In this battle, a Japanese sword is pretty useless. The company minions and their government stooges have pretty tough skins. And these corporations have no regard for human life – or life of any sort. So a sword is of no use. (Though a cheese knife for the evening platter is recommended.)

Our best weapon is ourselves. Being there. Showing our human colours.

So, what do you take into war?

First aid. I have paw-paw ointment and Panadol; in case of toasted marshmallow burn or loud battle music. Oh, and a bottle of vodka if pain persists.

Water. The Condamine River, which runs through the occupied territory, is bubbling with methane. Very sad. BYO water.

Ukulele. The battle tactic is a simple one: to happily give support to the embattled local people opposed to CSG mining in their homelands. Many of the warriors going to Tara are armed with musical instruments. Some have rapid-fire jokes. Me, I’m taking my uke. A little tune helps if the idea of having to fight your own government for clean air and water makes you depressed…

Yes, there’ll be partying, but this is serious partying, because without human resistance, corporations (and their elected servants) will lay waste to this wide, gas-filled land.

So, what else will I take to Kenya Gasfields?

A bright shirt. To show that I am human.

A friend. Ultimately, it’s a numbers game.

And a gas mask. To help me breathe where the air is toxic.
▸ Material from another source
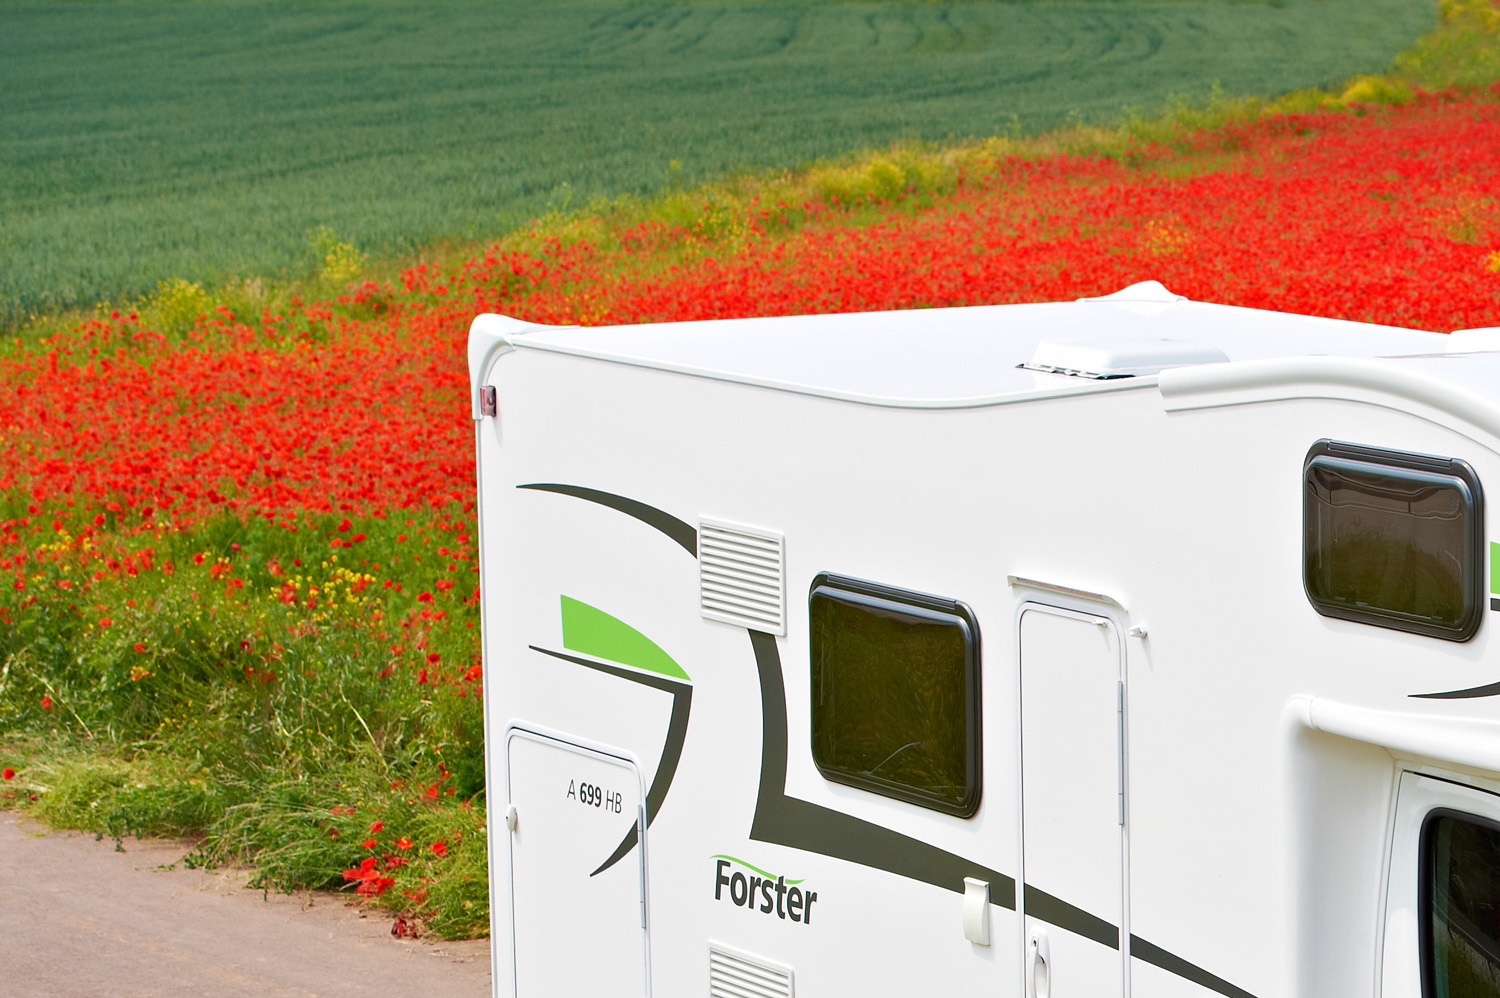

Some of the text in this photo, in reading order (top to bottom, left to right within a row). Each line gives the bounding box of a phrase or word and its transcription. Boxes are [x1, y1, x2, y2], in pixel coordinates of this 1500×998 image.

For more info on Dayne’s Party check out

2 responses to “Here & Now #11”

  1. trish mann says:

    FabboI love this story- i love these people who go out and battle against the odds. I heard a farmer interviewed on radio national say he had concerns about what csg mining would do to the water table and he had concerns for his grandchildren,s future, but he wanted to help his kids buy a house now so he was going to put his trust in the mining company. Sadly corporate snake oil salesmen have always been able to tap into the gullible self interest of the public and so the story continues.

  2. Simon says:

    Good on you S, I was in Gunnedah and Tamworth a week ago and met genuine long-time farmers who are strongly opposed to the poisoning of their valuable properties by CSG mining. They are dismayed this could occur even if their neighbours sell out to the miners.